Payday loan company Wonga suffered a data breach affecting up to 245,000 customers in the UK. According to the BBC, another 25,000 customers in Poland could also be affected.
A notification on Wonga’s UK website currently warns of “unlawful and unauthorized access to limited personal data” and states that affected customers have been notified by email of the breach.
According to an FAQ page on its website, the types of personal data that may have been compromised include names, email addresses, home addresses, phone numbers, the last four digits of credit card numbers (but not whole number) and / or bank account numbers and sort codes.
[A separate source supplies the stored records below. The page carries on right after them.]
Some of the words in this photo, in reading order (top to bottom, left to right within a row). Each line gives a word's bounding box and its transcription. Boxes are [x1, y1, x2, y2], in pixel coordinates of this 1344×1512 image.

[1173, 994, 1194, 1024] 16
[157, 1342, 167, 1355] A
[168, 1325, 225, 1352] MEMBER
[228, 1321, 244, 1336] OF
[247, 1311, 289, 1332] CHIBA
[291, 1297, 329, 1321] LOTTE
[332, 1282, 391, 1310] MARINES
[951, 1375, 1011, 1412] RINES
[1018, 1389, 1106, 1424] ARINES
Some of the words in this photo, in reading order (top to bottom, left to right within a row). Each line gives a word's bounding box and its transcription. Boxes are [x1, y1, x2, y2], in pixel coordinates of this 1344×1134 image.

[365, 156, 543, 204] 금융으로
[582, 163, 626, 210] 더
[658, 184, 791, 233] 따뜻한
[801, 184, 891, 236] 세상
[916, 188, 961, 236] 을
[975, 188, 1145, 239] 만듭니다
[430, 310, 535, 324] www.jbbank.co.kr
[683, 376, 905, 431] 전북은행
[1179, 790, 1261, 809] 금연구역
He says he doesn’t believe passwords for customers’ Wonga accounts have been compromised, but suggests that affected users change their passwords anyway.
Wonga is warning affected customers to be “very vigilant” and alert their bank to the potential risk – although he says he will also contact financial institutions about the breach.
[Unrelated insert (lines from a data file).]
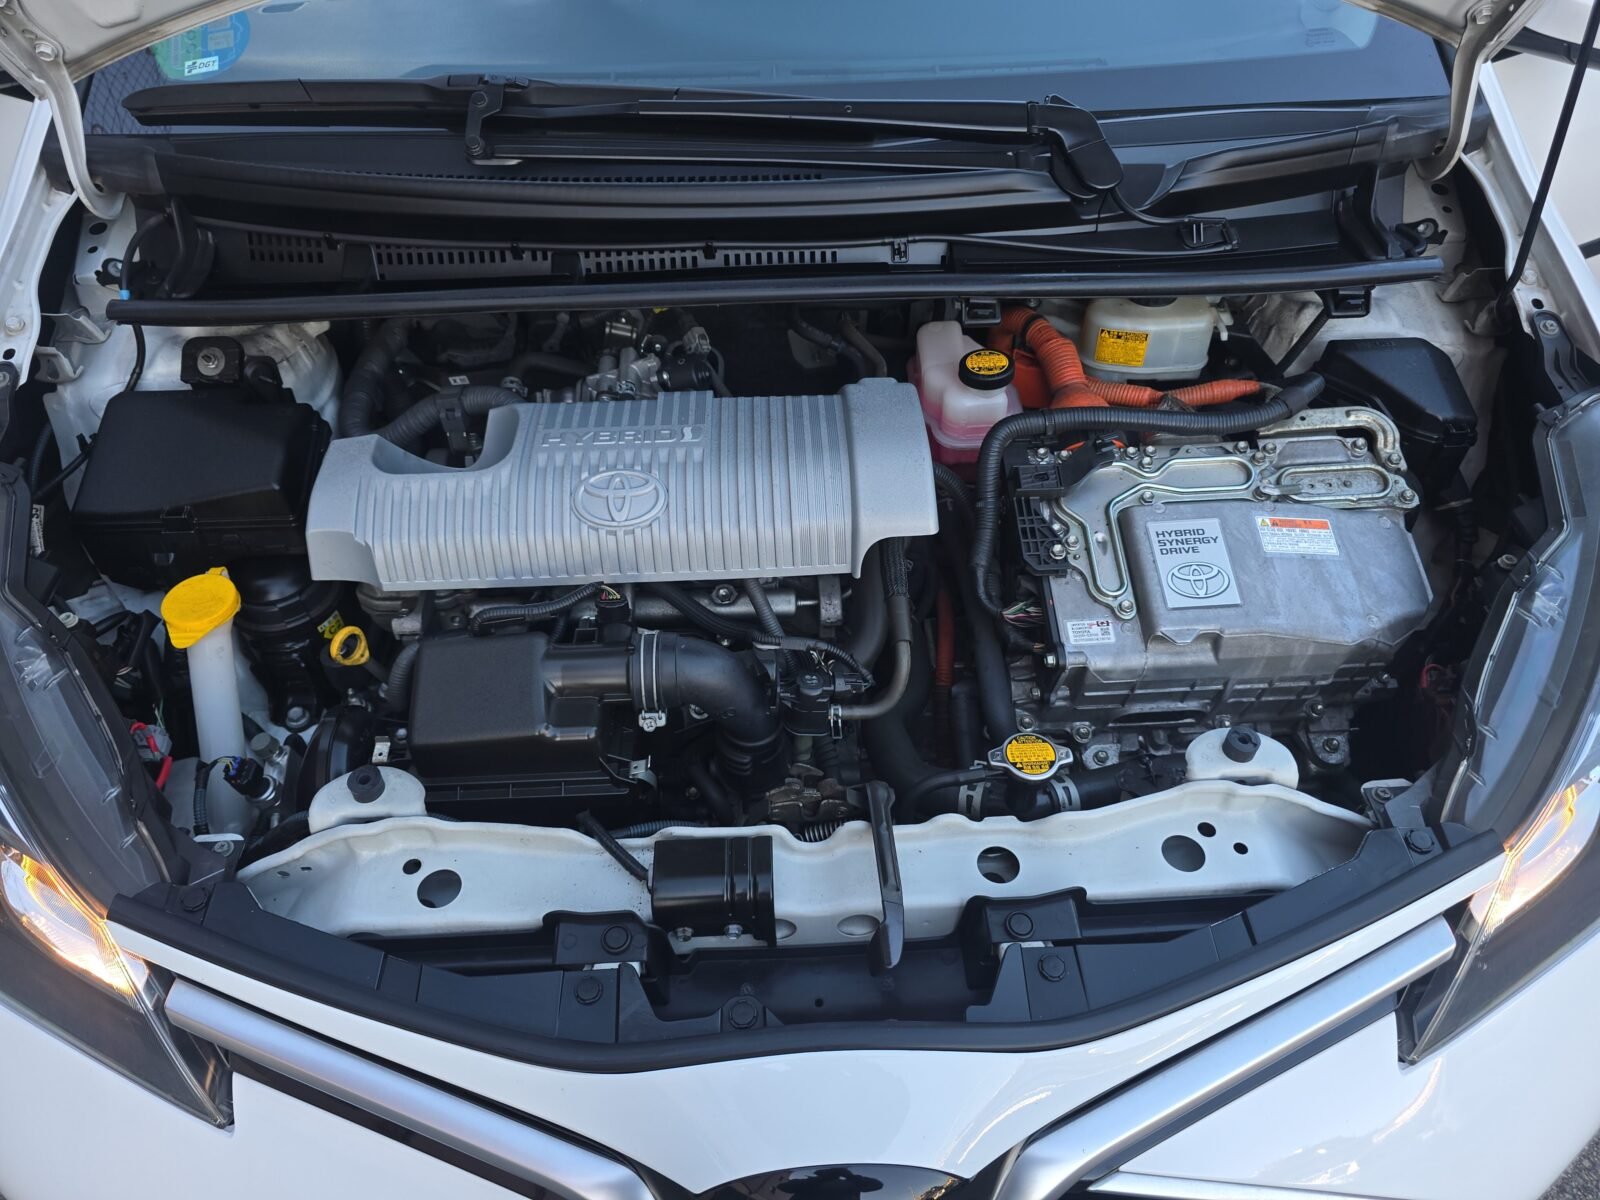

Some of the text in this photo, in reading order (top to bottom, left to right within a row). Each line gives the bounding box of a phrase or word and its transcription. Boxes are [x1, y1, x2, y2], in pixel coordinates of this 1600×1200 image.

[198, 60, 217, 69] DGT
[541, 429, 677, 447] HYBRID
[1156, 528, 1205, 538] HYBRID
[1157, 536, 1219, 547] SYNERGY
[1160, 546, 1201, 555] DRIVE
Since the last four digits of bank cards can be used as part of the online account login process, there is a potential risk that the hacked data could be used to attempt to log into customers’ bank accounts.
We have reached out to Wonga with questions and will update this story with any answers. Update: In a statement, a company spokesperson told us: “Wonga is urgently investigating illegal and unauthorized access to personal data of some of its customers in the UK and Poland. We are working closely with the authorities and we are in the process of informing the customers concerned. We sincerely apologize for the inconvenience caused. ”
There are no details of how the breach occurred at this point, with Wonga saying on his website that he was “urgently working to establish more details” and making a generic statement about the rise of “increasingly sophisticated” cyber attacks.
According to The Guardian, the company became aware of a problem last week, but did not realize until Friday that the data could be viewed from outside, and did not begin contacting affected customers until Saturday. UK data protection regulator ICO has apparently been made aware of the breach – although it is not known when. An ICO spokesperson did not answer the question, providing instead this statement: “All organizations have a responsibility to protect the personal information of customers. When we find that this has not happened, we can investigate and take enforcement action. “
New EU data breach rules that come into effect in May 2018 will require businesses to promptly (within 72 hours) notify data protection authorities of data breaches involving financial information – with fines up to € 10 million or 2% of worldwide revenue for compliance breaches.
This is by no means the first time that Wonga has made headlines. In 2014, the company had to write down $ 340 million in overdue loans, following an investigation by the UK Competition and Markets Authority into its lending practices. He was also fined by the regulator for sending bogus letters from lawyers to late-paying clients.
Although Wonga attracted substantial technology investment for a real-time automated decision-making platform for affordability checks, it ended up canceling loans for 330,000 customers and waiving interest and fees for 45,000. others – raising questions about the efficiency of its algorithms.
The tightening of criteria on short-term lending by the UK financial regulator ultimately reduced the size of Wonga’s business, which saw losses double in 2015 – to £ 80.2million.